Joseph Weisbecker, RCA’s microprocessor R&D genius, who designed the 1802, the VIP, and the Studio II (it’s easy to think of him as RCA’s Ralph Baer) also wrote CHIP-8, an interpreted language which used a virtual machine to ease game development. It’s pretty impressive.

To modern eyes, the commands look a lot like assembly, but it’s dead simple to manipulate the pixels onscreen and work with inputs. And wIth the 592 instructions you could fit into the 2K COSMAC VIP after you keyed in the 512 bytes of CHIP-8 itself, you could write a fairly sophisticated game. The VIC manual includes 24 game suggestions such as:

9. LUNAR LANDING - Program a graphic lunar landing game.

10. COLLIDE - Try to maneuver a spot from one edge of the screen to the other without hittingrandomly moving obstacles.

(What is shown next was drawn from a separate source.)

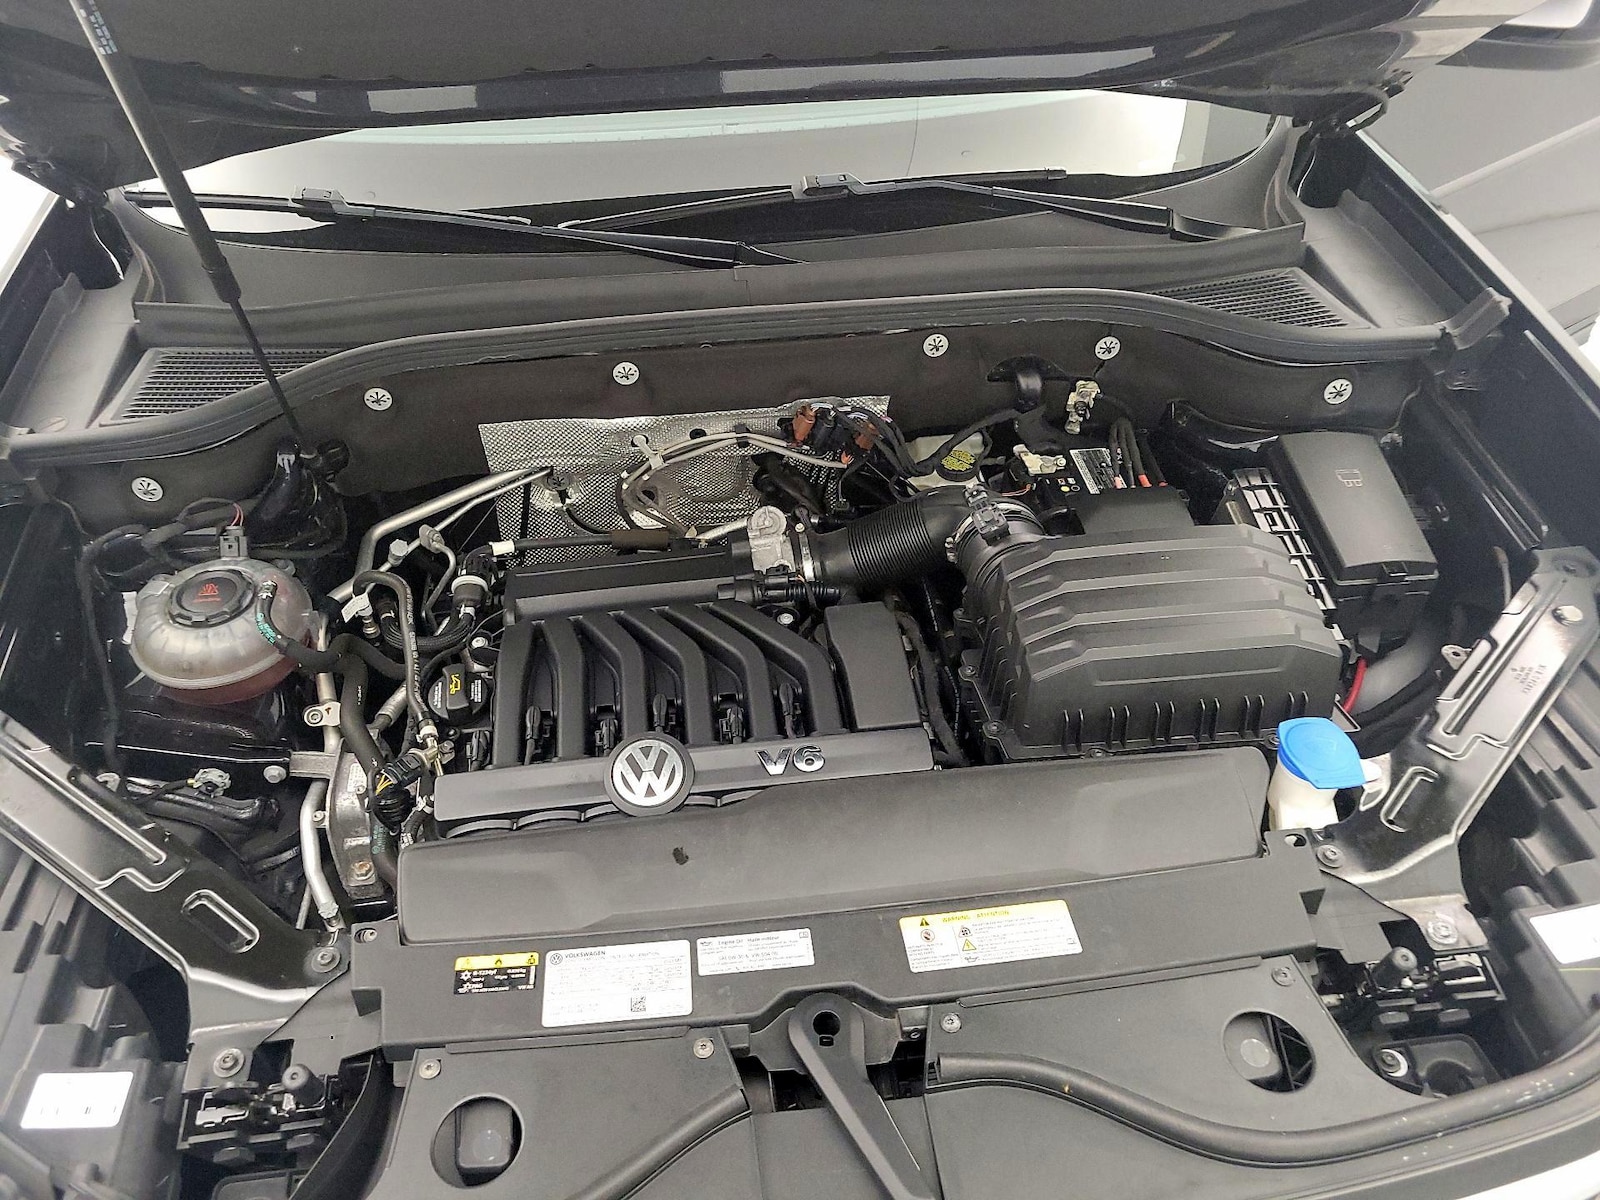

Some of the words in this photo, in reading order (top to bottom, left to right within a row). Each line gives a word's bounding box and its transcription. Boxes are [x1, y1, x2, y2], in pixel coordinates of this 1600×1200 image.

[612, 739, 684, 807] VW
[755, 745, 826, 776] V6
[564, 950, 606, 958] VOLKSWAGEN

as well as full listings for various games.

With commands like:

0222 F065 VO:VO=MI
0224 4000 SKIP;VO NE 00
0226 121C GO 021C
0228 7301 V3+01
022A 4300 SKIP;V3 NE 00
022C 121C GO 021C
022E 2232 DO 0232

writing in CHIP-8 may not seem that user friendly, but compared to the straight machine code of CHIP-8 itself, it’s pretty good.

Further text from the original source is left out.